非編碼RNA的結構對於其行使生物學功能具有關鍵作用。越來越多長非編碼RNA（lncRNA）被發現可在多個層面調控基因表達並與不同疾病相關聯，而其分子機制尚不清楚。lncRNA體內結構的解析及調控是當前機制研究的一個瓶頸。我們將建立高通量實驗和計算方法系統地檢測lncRNA生理條件下的結構，並研究RNA結合蛋白（RBP）對lncRNA結構的重塑及功能的調控。我們將靶向兩類RBPs：RNA雙鏈結合蛋白和解旋酶—RNA結構可能的正負調控因子，分別以NF110和DDX5為切入點。我們將在轉錄組水平上鑑定細胞核內NF110與DDX5的lncRNA結合圖譜；在RNA結構組（Structurome）水平上研究NF110與DDX5對其結合的lncRNA結構的調控；針對特定的lncRNA靶標如RMRP，進一步探究其結構的重塑和發揮功能的機制。這將有助於理解lncRNA及RBP異常導致的疾病發生。

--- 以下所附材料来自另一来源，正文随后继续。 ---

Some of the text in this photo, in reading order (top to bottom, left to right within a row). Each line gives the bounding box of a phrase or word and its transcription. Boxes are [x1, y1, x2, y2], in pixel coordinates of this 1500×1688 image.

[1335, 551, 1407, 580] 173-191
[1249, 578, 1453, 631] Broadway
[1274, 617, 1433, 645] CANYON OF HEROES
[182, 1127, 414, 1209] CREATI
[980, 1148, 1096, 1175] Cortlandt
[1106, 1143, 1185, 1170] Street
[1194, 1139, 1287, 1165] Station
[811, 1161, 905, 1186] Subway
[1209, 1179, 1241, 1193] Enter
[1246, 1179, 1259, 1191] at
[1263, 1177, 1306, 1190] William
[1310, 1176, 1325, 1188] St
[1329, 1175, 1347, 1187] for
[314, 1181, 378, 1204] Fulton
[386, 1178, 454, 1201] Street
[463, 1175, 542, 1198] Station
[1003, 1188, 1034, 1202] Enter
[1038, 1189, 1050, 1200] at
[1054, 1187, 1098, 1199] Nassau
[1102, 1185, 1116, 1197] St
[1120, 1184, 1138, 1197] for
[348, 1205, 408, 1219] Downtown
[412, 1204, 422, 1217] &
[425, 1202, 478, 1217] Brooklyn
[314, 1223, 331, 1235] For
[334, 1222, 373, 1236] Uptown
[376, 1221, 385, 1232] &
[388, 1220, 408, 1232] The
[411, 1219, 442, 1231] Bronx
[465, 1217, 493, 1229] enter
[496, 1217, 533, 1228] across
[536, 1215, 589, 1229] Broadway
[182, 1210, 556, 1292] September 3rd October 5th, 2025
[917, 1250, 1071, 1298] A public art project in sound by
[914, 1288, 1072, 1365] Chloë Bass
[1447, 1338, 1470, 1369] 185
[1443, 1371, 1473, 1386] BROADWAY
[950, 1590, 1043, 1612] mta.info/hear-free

RNA的結構對於其生物學功能具有關鍵作用，RNA體內結構的解析及調控是當前機制研究的一個瓶頸。在該項目支持下，我們圍繞RNA結合蛋白（RBP）對RNA結構的重塑調控開展研究工作，合作開發了新的GoldCLIP技術可高特異性地檢測RBP結合的RNA靶標，建立了增強型的PARIS實驗技術和分析方法可系統地檢測細胞體內的RNA結構和互作，開發了整合的基因轉錄本結構的高精度重構算法，並對多物種的非編碼RNA及結構性RNA元件進行了全面注釋。我們鑑定了代表性蛋白NF110和DDX17的RNA結合圖譜，發現NF110與DDX17可直接互作並有相似的RNA靶標，構建了正常和敲低NF110下的RNA結構組，發現NF110結合位點處的RNA傾向於形成雙鏈配對，其缺失導致很多RNA互作發生變化。進一步，我們發現NF110可能調控mRNA結構而影響翻譯，決定外顯子結構域，以及調控多種類型非編碼RNA的結構。另外，我們發現NF110可調控部分miRNAs的成熟，可能是通過與microprocessor競爭結合到pri-miRNA，從而抑制其加工成pre-miRNA的分子機制。目前，我們正在進行其它實驗，以期揭示這一調控的生物學功能。這些結果將有助於理解RNA結構和RNA結合蛋白異常導致的疾病發生。已發表標註項目資助的研究論文4篇，項目負責人為其中3篇論文共同通訊作者（GPB、Nat Commun、Nucleic Acids Res）。目前還有1篇重要研究論文在準備投稿中。此外，項目組已培養1名碩士研究生，目前有5名博士研究生及3名碩士研究生在讀。